The next generation of high-tech adhesives could take some design cues from the tongues of frogs, according to new research led by the Oregon State University College of Engineering.
Findings were published Nov. 26 in the journal Biointerphases.
Frogs use their highly specialized tongues to capture prey, with a force that can exceed their own body weight. This is possible, in part, because the frog’s tongue is covered with a sticky mucus that functions as a pressure-sensitive adhesive.
“This mucus is able to generate large adhesive forces in response to the high strain of retraction,” said the study’s corresponding author, Joe Baio, assistant professor of bioengineering. “The goal of this study was to determine the chemical structure of the surface of this mucus after a tongue strike, which had not been done previously.”
Mucus is an aqueous, gel-like secretion containing proteins called mucins that naturally form linear polymeric chains that typically have disordered or “random coil” secondary and tertiary structures.
Recent studies of frog tongue mucus resulted in visual observation of fibrils — multiple protein chains twisted like fibers around a central axis — between the frog’s tongue and the target surface.
“This fibril formation indicates an induced change in the chemical structure of the mucus during tongue retraction,” Baio said. “And it is these fibrils that allow the mucus to generate strain-responsive adhesive forces by acting as molecular shock absorbers for the tongue.”
Collaborators at the Zoological Institute of the University of Kiel, Germany, collected mucus samples from three adult horned frogs.

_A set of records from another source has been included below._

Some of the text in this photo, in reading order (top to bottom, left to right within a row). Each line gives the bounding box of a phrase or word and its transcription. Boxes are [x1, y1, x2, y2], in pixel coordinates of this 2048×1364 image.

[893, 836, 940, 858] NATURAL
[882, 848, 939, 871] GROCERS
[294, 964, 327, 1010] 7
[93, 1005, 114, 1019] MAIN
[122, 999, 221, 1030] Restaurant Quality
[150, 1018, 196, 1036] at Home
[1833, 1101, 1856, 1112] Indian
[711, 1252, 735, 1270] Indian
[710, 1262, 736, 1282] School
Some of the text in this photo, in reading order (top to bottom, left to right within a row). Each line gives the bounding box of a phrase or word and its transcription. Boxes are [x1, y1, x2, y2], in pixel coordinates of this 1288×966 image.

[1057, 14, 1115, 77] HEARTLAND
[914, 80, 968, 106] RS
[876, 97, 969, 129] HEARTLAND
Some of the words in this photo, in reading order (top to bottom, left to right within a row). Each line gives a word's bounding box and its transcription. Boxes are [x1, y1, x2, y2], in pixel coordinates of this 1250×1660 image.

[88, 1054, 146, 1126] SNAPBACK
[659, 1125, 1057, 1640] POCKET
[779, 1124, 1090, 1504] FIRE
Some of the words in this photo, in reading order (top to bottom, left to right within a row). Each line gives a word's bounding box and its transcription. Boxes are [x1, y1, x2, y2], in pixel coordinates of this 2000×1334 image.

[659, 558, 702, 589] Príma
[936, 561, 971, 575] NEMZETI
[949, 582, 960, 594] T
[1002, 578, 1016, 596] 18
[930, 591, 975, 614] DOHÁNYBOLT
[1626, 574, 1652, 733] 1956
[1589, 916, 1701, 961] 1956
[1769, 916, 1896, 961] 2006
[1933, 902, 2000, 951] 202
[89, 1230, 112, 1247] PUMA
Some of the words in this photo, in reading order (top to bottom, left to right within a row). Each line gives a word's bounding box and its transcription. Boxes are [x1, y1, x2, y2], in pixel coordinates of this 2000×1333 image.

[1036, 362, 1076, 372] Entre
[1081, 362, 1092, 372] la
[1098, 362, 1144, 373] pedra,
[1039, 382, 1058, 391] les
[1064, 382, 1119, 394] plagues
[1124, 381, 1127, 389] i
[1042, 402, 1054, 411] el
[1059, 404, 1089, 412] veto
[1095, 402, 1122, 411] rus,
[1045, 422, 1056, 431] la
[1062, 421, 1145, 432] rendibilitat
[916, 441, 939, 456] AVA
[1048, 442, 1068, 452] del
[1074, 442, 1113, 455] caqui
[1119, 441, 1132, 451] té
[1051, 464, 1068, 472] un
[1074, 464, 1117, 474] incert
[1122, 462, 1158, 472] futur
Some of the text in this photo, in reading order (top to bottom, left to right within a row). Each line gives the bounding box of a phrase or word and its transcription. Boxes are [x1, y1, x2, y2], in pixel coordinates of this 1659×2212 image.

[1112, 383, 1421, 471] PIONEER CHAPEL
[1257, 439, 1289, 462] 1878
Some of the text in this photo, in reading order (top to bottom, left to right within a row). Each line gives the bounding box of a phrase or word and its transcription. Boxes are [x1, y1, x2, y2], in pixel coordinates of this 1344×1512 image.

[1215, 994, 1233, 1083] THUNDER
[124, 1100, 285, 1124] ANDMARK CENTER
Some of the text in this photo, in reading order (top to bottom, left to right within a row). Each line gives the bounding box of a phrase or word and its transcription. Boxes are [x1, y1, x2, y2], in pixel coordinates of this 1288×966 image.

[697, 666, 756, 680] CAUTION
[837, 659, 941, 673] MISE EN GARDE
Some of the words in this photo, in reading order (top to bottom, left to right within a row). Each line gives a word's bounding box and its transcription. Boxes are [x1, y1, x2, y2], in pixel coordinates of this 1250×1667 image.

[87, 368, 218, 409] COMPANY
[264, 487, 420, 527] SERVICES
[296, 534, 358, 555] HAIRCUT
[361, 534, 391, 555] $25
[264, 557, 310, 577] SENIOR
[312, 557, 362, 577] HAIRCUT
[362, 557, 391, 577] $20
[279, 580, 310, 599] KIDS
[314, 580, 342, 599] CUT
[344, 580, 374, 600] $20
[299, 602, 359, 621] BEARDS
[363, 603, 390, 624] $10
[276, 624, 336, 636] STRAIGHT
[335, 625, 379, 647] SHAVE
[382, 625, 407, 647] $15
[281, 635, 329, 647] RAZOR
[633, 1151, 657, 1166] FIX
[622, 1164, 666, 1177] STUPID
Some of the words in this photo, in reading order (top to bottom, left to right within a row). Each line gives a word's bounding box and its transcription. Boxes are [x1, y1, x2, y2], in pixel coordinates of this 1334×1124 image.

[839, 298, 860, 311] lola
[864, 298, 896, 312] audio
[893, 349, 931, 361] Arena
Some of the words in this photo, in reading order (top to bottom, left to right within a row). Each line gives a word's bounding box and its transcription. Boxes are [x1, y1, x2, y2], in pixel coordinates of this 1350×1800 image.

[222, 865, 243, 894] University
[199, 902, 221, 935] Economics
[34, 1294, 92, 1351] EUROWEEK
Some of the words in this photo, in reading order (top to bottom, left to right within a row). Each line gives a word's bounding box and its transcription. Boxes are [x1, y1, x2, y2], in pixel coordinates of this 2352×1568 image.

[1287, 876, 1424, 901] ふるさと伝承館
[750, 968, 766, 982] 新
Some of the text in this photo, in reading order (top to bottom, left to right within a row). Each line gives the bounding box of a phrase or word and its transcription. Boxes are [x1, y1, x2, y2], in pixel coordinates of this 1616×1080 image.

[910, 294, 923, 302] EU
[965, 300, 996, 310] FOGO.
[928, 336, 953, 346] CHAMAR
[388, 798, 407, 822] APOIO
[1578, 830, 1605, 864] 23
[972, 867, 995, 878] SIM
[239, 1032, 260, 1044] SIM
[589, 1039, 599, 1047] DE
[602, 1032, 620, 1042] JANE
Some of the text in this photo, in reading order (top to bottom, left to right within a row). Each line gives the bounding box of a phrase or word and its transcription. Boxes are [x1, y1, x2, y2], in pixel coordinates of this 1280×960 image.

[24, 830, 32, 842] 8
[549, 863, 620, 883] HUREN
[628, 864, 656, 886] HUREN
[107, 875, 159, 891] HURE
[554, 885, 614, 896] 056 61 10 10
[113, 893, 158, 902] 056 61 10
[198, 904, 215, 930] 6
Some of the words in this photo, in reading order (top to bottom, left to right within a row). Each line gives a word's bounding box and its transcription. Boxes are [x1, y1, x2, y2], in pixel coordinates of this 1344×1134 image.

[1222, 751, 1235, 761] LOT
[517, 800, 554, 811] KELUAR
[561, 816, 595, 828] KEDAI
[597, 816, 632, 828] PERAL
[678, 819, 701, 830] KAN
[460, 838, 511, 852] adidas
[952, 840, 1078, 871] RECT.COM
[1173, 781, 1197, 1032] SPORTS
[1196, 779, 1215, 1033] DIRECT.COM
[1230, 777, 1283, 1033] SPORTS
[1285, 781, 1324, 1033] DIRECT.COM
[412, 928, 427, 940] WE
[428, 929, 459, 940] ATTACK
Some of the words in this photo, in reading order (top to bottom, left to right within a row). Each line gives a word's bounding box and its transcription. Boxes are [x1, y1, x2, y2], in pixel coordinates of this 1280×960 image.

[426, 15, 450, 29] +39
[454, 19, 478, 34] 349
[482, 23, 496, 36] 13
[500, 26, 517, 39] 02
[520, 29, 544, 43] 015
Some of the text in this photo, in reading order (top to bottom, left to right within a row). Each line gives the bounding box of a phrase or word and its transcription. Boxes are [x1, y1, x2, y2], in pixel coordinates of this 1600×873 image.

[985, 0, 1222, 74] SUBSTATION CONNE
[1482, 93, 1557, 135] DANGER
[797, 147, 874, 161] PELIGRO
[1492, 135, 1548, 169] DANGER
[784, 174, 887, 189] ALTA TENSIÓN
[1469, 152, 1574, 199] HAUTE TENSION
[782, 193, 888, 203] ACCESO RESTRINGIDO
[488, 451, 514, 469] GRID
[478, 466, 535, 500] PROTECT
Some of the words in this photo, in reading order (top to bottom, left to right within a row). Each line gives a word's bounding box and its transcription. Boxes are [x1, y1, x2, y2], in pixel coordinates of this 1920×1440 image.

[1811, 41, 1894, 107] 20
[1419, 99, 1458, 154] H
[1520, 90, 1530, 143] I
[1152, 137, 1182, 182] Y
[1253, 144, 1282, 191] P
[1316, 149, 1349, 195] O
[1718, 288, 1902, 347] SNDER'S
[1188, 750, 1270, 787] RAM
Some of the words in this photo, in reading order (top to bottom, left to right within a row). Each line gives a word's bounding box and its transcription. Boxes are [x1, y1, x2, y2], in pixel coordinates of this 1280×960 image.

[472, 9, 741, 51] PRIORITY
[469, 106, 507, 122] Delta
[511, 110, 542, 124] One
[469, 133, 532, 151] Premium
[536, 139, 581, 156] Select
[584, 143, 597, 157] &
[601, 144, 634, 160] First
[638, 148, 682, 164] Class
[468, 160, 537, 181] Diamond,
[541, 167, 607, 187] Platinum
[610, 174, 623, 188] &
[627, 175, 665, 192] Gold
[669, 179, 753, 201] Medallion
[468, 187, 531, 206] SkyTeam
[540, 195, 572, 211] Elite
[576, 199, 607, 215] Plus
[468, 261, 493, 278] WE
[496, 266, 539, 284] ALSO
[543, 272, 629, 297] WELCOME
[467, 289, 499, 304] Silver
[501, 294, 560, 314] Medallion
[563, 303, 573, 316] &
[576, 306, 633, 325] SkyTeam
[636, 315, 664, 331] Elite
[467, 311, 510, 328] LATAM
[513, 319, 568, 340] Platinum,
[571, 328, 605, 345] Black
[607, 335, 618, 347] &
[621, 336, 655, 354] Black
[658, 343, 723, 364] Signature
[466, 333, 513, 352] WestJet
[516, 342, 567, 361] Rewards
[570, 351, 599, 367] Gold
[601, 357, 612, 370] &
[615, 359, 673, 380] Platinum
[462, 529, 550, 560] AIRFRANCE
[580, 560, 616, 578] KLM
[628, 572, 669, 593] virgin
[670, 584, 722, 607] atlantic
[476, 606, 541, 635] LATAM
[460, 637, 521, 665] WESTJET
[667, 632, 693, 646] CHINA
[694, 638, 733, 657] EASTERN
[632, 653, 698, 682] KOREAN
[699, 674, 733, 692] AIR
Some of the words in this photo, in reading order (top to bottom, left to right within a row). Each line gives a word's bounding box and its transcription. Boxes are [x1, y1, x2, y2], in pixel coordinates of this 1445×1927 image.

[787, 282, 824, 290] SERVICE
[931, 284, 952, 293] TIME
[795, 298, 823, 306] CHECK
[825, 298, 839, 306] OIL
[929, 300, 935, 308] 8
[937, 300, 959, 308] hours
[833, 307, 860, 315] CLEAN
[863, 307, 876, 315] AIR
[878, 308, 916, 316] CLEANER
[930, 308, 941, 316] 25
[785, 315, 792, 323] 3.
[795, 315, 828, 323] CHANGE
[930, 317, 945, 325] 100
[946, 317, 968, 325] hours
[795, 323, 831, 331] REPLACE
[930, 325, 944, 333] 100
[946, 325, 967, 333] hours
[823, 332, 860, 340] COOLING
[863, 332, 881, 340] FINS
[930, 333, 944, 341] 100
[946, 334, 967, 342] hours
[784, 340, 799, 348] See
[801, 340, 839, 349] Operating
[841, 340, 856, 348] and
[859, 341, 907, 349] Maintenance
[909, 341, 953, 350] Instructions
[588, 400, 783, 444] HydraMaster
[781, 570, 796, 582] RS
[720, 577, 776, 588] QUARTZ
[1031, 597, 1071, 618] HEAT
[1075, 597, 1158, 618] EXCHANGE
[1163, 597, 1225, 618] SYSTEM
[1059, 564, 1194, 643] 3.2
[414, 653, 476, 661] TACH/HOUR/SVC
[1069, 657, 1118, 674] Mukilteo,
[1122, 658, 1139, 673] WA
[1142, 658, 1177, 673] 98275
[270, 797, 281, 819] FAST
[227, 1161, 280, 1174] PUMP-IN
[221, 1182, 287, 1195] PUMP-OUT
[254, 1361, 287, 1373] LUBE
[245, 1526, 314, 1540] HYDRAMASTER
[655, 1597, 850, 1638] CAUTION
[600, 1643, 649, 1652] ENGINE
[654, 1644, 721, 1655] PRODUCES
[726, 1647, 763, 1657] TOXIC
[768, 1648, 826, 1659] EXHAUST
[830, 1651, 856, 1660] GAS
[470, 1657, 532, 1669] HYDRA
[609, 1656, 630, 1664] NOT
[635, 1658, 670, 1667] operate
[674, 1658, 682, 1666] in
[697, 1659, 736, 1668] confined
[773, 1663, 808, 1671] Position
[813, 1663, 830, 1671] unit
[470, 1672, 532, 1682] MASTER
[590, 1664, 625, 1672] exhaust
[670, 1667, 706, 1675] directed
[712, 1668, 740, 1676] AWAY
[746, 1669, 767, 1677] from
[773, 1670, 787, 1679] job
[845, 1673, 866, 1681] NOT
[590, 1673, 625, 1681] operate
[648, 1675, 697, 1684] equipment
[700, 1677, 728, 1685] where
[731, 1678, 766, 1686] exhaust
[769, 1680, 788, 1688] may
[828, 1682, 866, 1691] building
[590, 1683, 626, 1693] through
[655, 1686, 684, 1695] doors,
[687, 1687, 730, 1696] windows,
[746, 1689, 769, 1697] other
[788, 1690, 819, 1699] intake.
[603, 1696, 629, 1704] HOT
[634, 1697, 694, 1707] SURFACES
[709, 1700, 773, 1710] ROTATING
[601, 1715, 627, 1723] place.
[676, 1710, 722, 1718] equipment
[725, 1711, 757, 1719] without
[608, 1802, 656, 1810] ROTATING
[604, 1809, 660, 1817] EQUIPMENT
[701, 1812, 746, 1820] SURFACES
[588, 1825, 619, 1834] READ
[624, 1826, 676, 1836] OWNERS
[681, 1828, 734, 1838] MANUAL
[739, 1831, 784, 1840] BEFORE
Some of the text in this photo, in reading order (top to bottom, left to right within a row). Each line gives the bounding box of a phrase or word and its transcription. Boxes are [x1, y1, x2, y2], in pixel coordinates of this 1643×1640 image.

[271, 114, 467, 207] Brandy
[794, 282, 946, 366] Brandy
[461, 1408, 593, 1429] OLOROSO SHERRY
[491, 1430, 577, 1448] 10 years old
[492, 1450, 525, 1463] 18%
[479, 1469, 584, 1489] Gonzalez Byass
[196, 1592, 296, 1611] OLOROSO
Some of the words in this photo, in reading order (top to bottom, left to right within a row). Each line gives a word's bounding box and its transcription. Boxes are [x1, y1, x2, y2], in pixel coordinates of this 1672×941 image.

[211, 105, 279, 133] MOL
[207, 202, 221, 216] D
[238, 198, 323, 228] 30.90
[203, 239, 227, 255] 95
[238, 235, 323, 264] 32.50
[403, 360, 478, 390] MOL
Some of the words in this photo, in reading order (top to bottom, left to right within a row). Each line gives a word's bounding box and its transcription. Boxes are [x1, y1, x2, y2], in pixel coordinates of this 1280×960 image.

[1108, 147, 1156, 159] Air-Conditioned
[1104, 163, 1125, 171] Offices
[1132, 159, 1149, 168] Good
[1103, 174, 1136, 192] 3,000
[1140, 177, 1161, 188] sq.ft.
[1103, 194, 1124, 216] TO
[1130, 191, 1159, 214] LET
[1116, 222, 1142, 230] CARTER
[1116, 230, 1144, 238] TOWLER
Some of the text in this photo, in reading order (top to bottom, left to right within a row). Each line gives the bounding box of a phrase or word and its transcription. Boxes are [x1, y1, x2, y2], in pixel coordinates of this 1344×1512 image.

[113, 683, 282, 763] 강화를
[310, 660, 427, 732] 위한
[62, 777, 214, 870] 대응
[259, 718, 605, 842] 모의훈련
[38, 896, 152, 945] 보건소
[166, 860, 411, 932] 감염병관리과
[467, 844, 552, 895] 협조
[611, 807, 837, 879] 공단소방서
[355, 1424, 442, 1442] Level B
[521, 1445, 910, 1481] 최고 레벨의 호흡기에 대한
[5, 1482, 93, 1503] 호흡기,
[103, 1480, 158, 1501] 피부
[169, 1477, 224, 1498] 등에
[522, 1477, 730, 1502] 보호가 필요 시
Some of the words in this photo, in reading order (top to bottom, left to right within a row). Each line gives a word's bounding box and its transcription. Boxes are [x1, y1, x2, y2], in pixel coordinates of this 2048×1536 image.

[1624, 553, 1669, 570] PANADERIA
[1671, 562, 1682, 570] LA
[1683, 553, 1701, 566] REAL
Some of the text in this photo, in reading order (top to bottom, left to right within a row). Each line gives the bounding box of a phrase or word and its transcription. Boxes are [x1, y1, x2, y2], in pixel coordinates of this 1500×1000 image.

The scientists induced the frogs to strike glass microscopy slides by placing a slide about 2 inches in front of each frog and holding up a cricket immediately behind the slide.
Highly detailed near edge X-ray absorption fine structure microscopy images of the layers of mucus left behind on the slide were collected on the National Institute of Standards and Technology beamline at the National Synchrotron Light Source.
OSU researchers then characterized the surface chemistry of the mucus, which, they concluded, confirms the formation of fibrils in response to tongue retraction, supporting previous classifications of the frog sticky-tongue mechanism as a pressure-sensitive adhesive.
The study was supported by funding from the National Science Foundation, the U.S. Department of Energy and the Aarhus University Research Foundation.
Researchers from the University of Aarhus, Denmark, University of Kiel, Germany, and the National Institute of Standards and Technology were among the collaborators.